Your task: Reproduce the lines below verbatim. Pictures are to be omitted.

[Images for object localization]
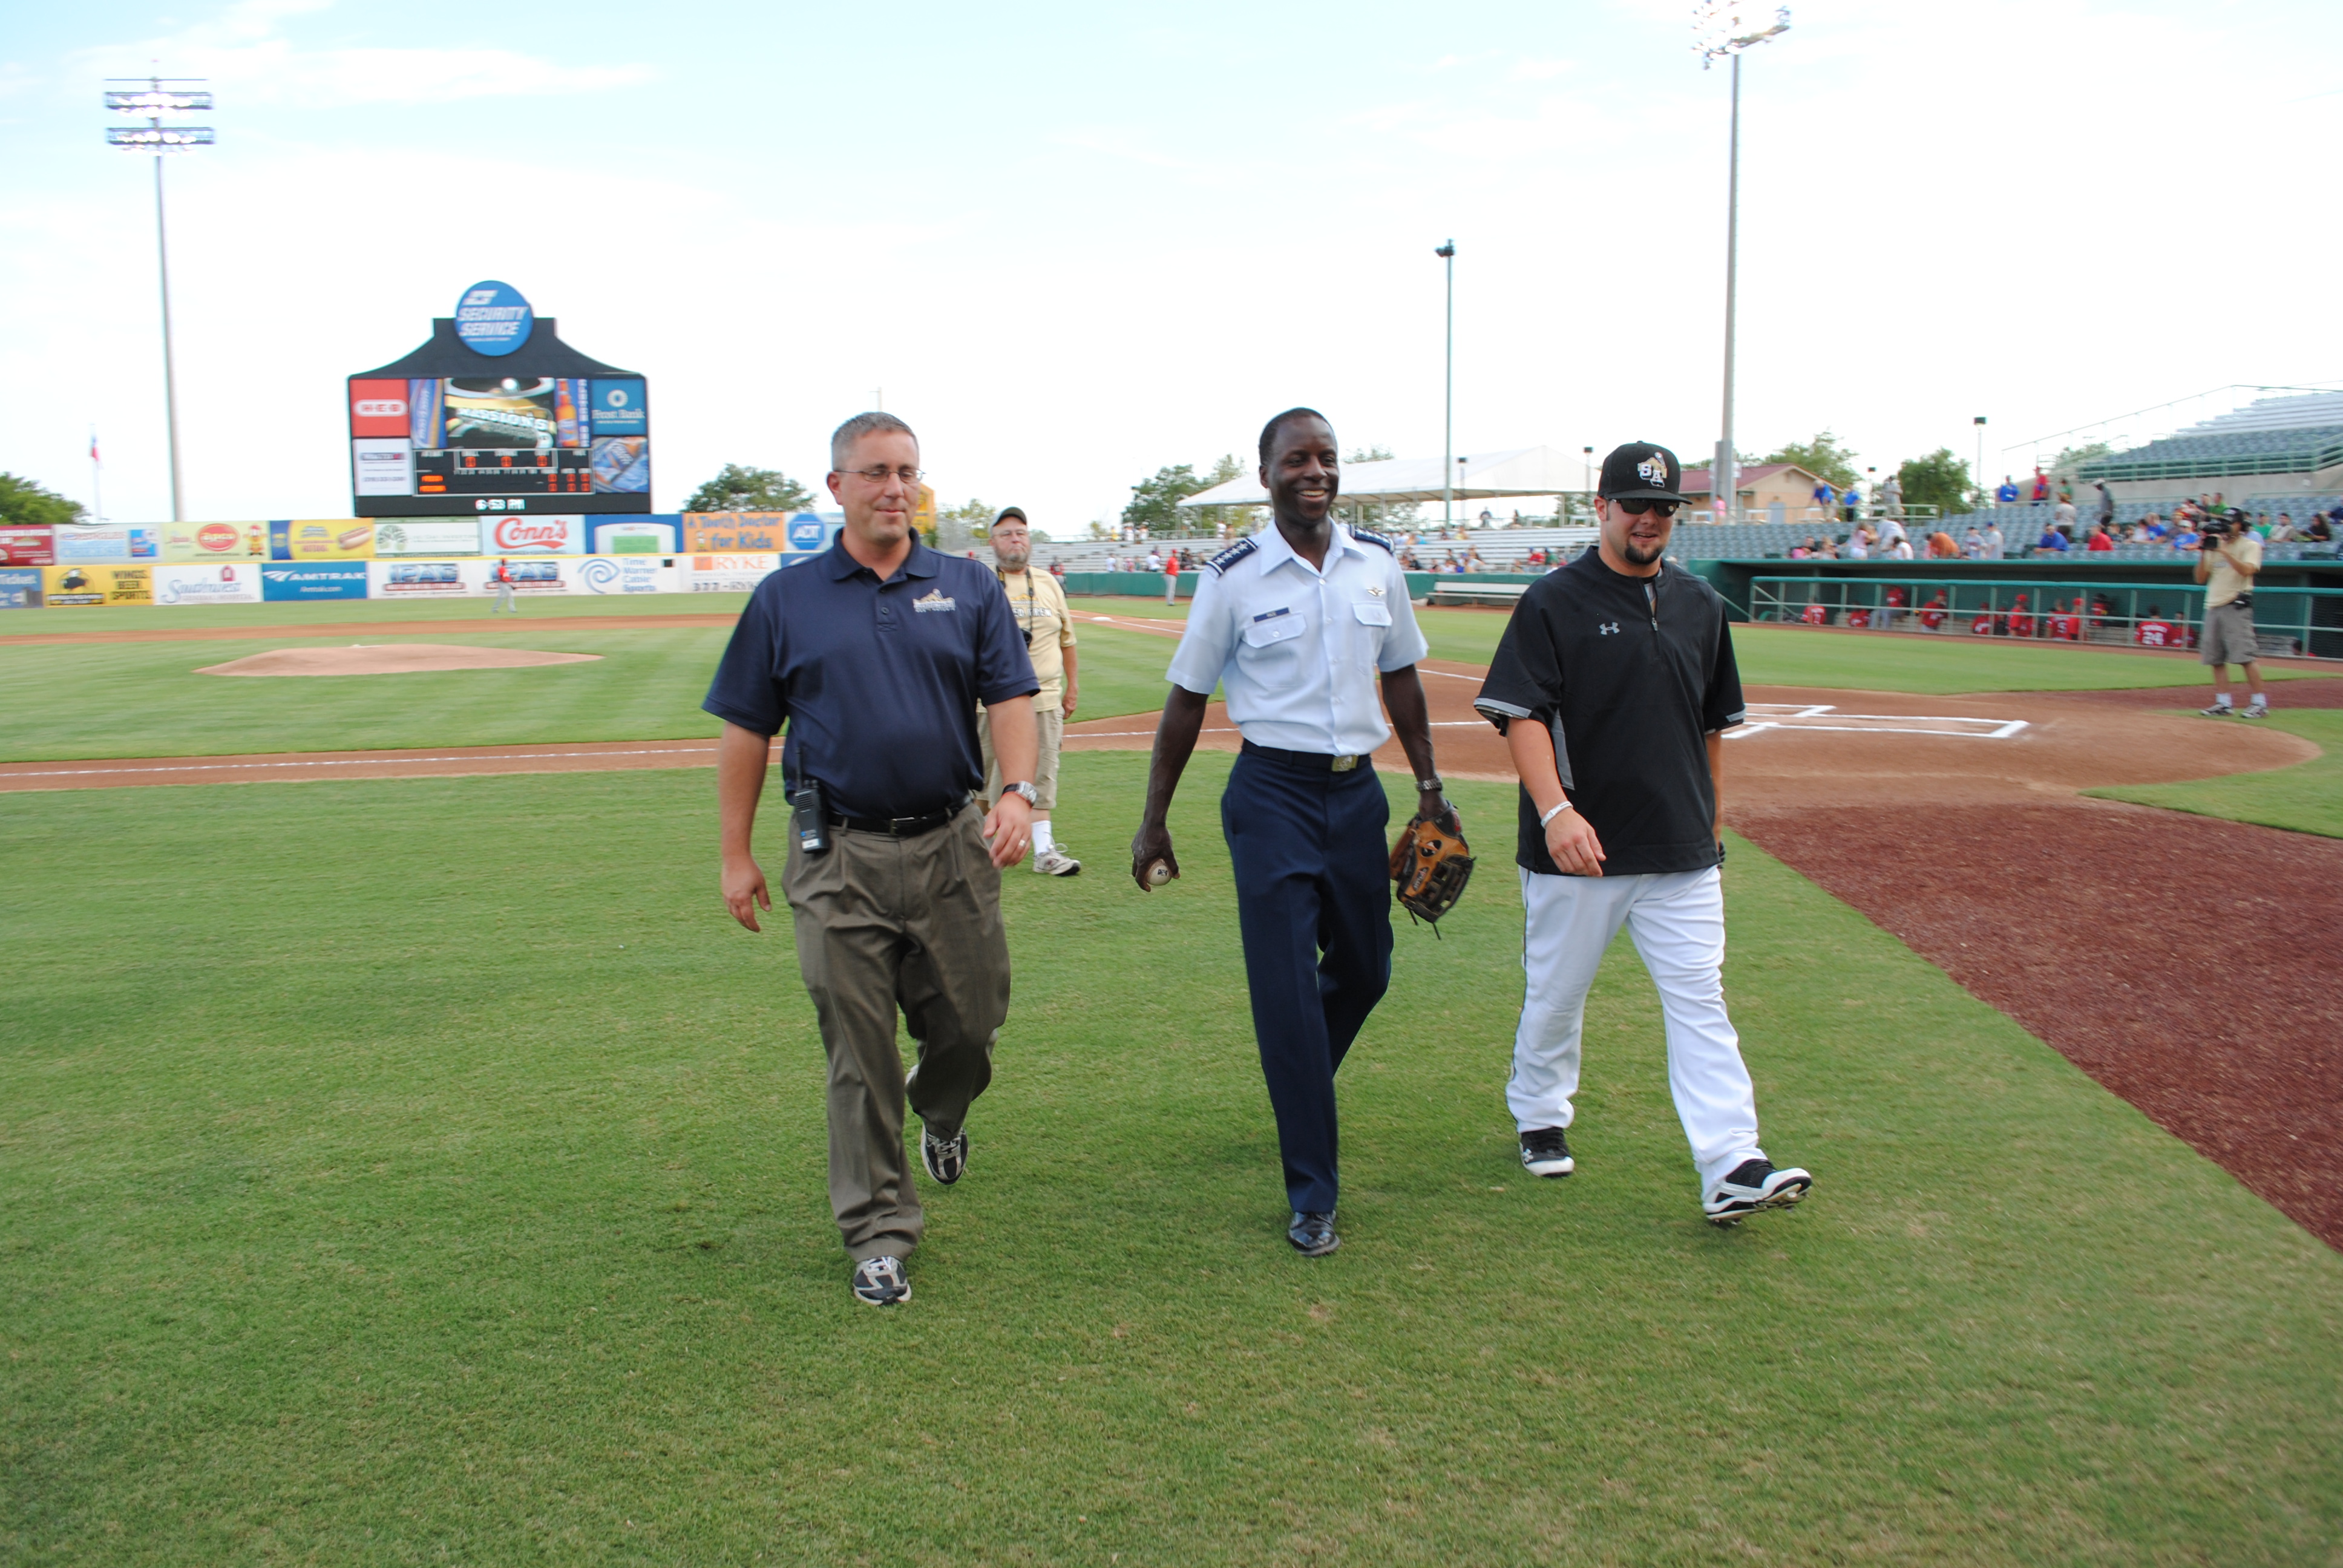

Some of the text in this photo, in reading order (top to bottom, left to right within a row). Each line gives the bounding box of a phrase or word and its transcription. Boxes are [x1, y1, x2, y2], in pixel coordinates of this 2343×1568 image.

[457, 306, 529, 321] SECURITY
[459, 322, 520, 337] SERVICE
[592, 408, 645, 419] Frost Bank
[739, 514, 781, 528] Doctor
[493, 517, 568, 549] Conn's
[793, 524, 821, 539] ADT
[710, 531, 773, 550] for Kids
[288, 572, 368, 581] AMTRAK
[622, 584, 657, 593] Sports

Expected answer:
Some of the text in this photo, in reading order (top to bottom, left to right within a row). Each line gives the bounding box of a phrase or word and its transcription. Boxes are [x1, y1, x2, y2], in pixel coordinates of this 2343×1568 image.

[457, 306, 529, 321] SECURITY
[459, 322, 520, 337] SERVICE
[592, 408, 645, 419] Frost Bank
[739, 514, 781, 528] Doctor
[493, 517, 568, 549] Conn's
[793, 524, 821, 539] ADT
[710, 531, 773, 550] for Kids
[288, 572, 368, 581] AMTRAK
[622, 584, 657, 593] Sports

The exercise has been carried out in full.